The Dōjima Rice Exchange, first established in 1697 in Osaka, is considered by some to be the first futures exchange market, to meet the needs of samurai who—being paid in rice—needed a stable conversion to coin after a series of bad harvests.

The Chicago Board of Trade (CBOT) listed the first-ever standardized 'exchange traded' forward contracts in 1864, which were called futures contracts. This contract was based on grain trading, and started a trend that saw contracts created on a number of different standardized futures contracts based on commodities, as well as a number of futures exchanges set up in countries around the world. By 1875 cotton futures were being traded in Bombay in India and within a few years this had expanded to futures on edible oilseeds complex, raw jute and jute goods and bullion. In the 1930s two thirds of all futures was in wheat.

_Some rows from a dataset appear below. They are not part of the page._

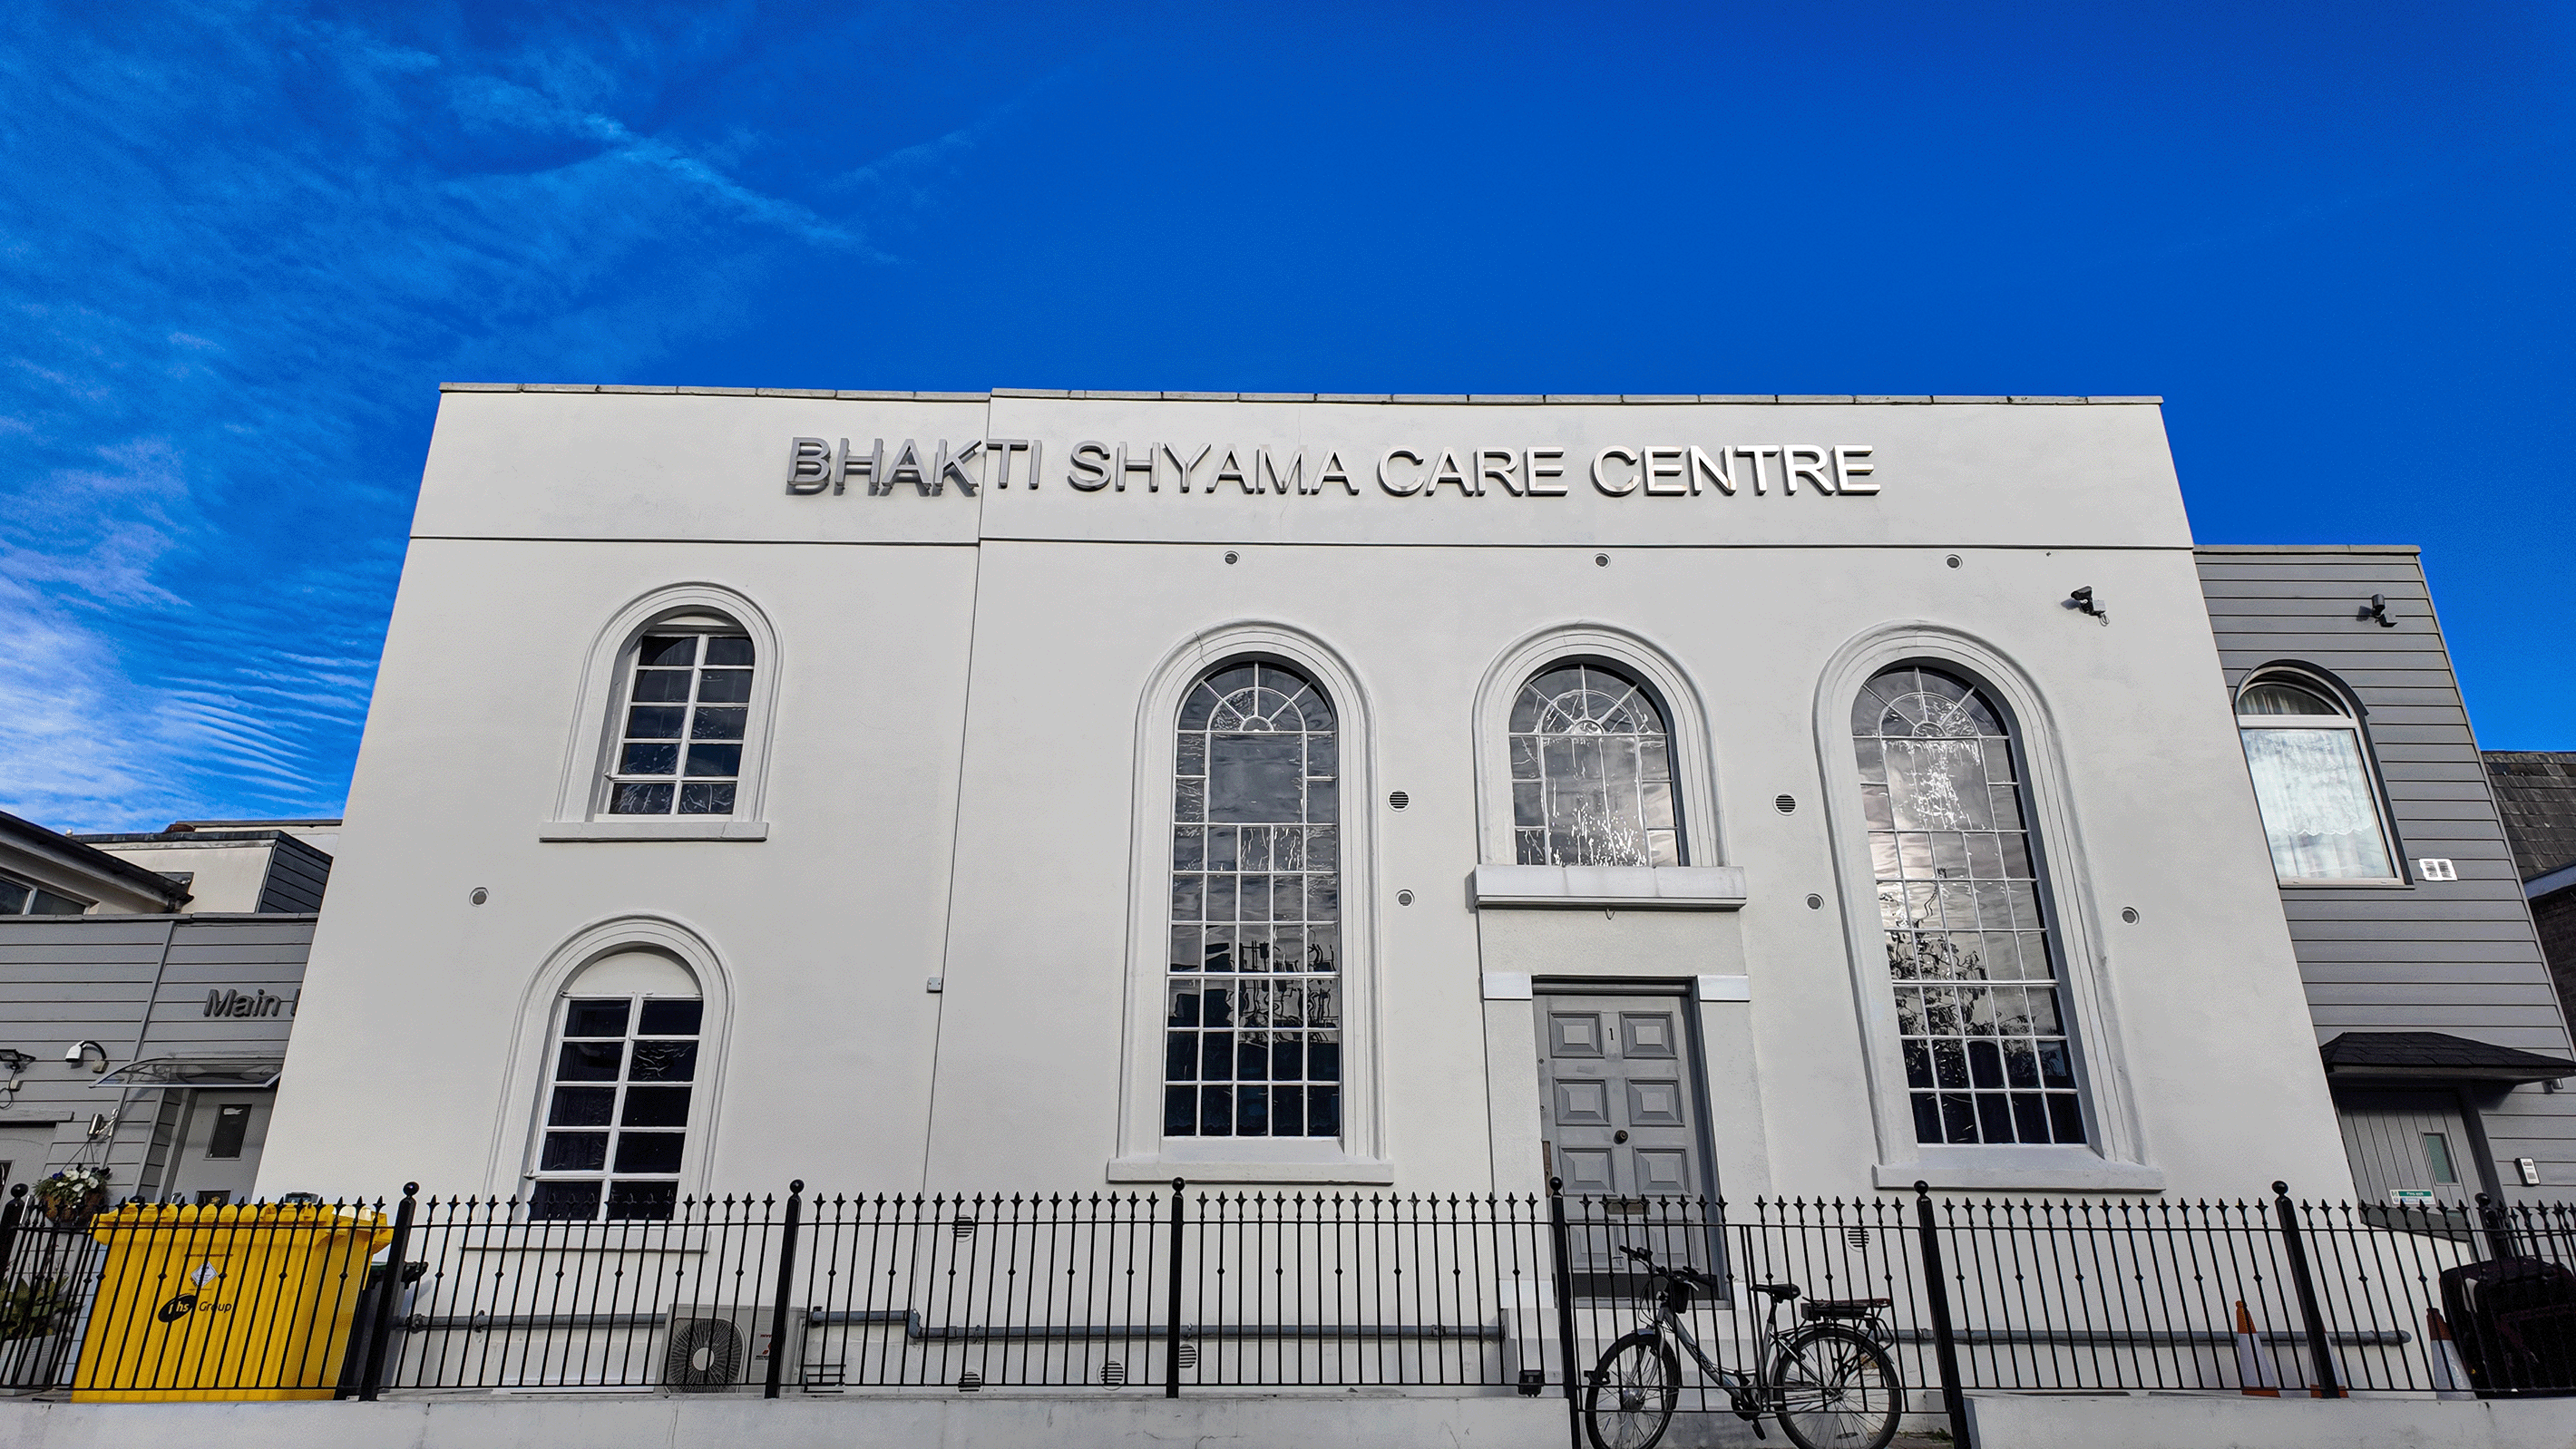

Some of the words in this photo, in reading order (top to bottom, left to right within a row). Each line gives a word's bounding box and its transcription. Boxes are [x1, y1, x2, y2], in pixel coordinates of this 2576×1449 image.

[785, 436, 1042, 491] BHAKTI
[1067, 440, 1360, 495] SHYAMA
[1378, 445, 1568, 497] CARE
[1592, 444, 1881, 497] CENTRE
[203, 988, 281, 1017] Main
[1608, 1027, 1615, 1041] 1

The 1972 creation of the International Monetary Market (IMM) by the Chicago Mercantile Exchange was the world's first financial futures exchange, and launched currency futures. In 1976, the IMM added interest rate futures on US treasury bills, and in 1982 they added stock market index futures.

==Risk mitigation==
Although futures contracts are oriented towards a future time point, their main purpose is to mitigate the risk of default by either party in the intervening period. In this vein, the futures exchange requires both parties to put up initial cash, or a performance bond, known as the margin. Margins, sometimes set as a percentage of the value of the futures contract, must be maintained throughout the life of the contract to guarantee the agreement, as over this time the price of the contract can vary as a function of supply and demand, causing one side of the exchange to lose money at the expense of the other.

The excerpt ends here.